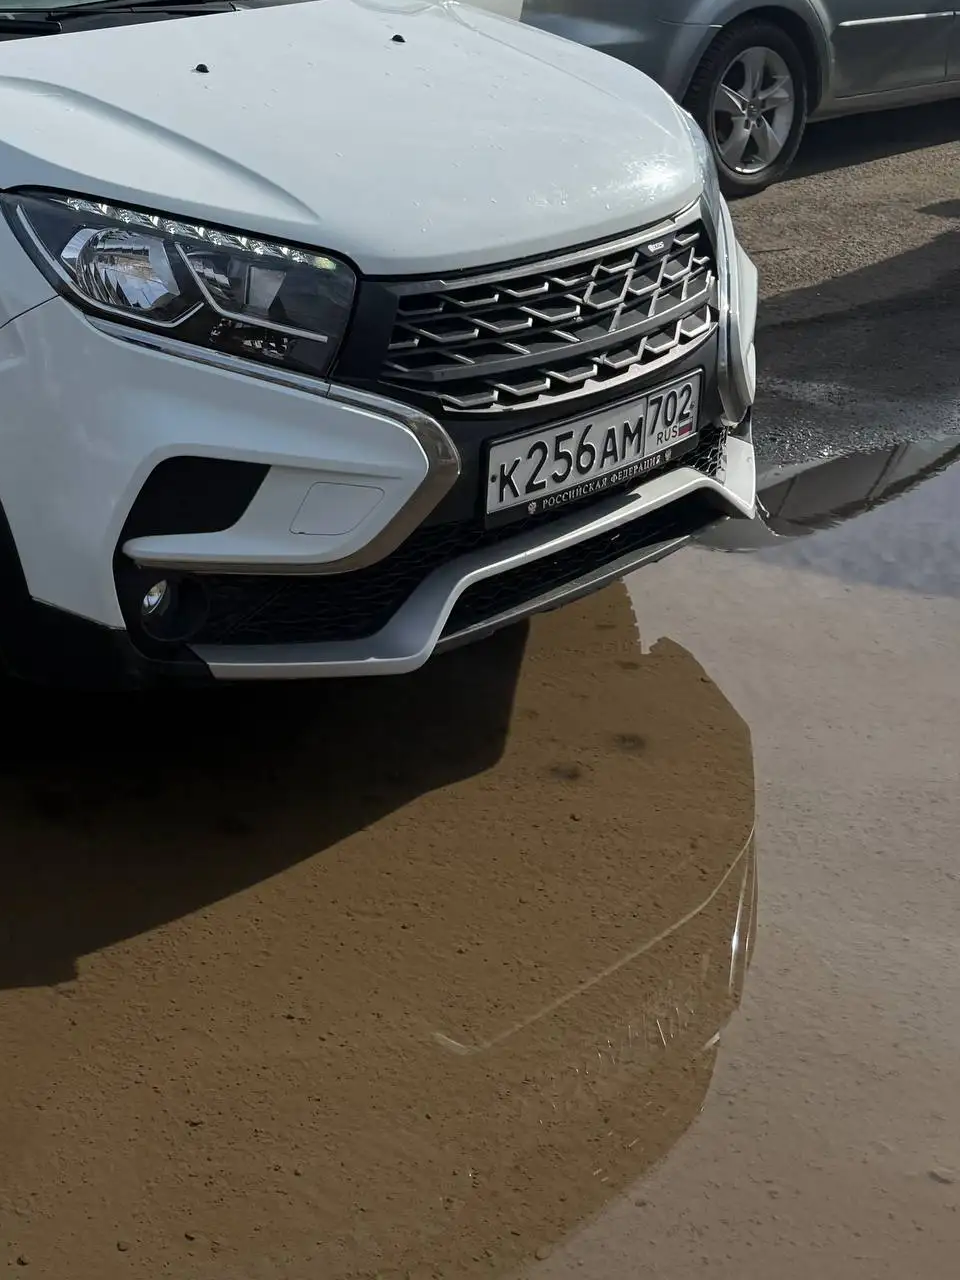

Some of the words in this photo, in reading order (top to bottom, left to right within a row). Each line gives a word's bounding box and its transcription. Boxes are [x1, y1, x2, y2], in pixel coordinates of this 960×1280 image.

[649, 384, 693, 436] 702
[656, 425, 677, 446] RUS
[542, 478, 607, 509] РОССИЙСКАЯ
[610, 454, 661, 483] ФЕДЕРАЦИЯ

● REQUIREMENT:
In your output, repeat the listing above exactly and include none of the pictures.

● REPLY:
Some of the words in this photo, in reading order (top to bottom, left to right within a row). Each line gives a word's bounding box and its transcription. Boxes are [x1, y1, x2, y2], in pixel coordinates of this 960×1280 image.

[649, 384, 693, 436] 702
[656, 425, 677, 446] RUS
[542, 478, 607, 509] РОССИЙСКАЯ
[610, 454, 661, 483] ФЕДЕРАЦИЯ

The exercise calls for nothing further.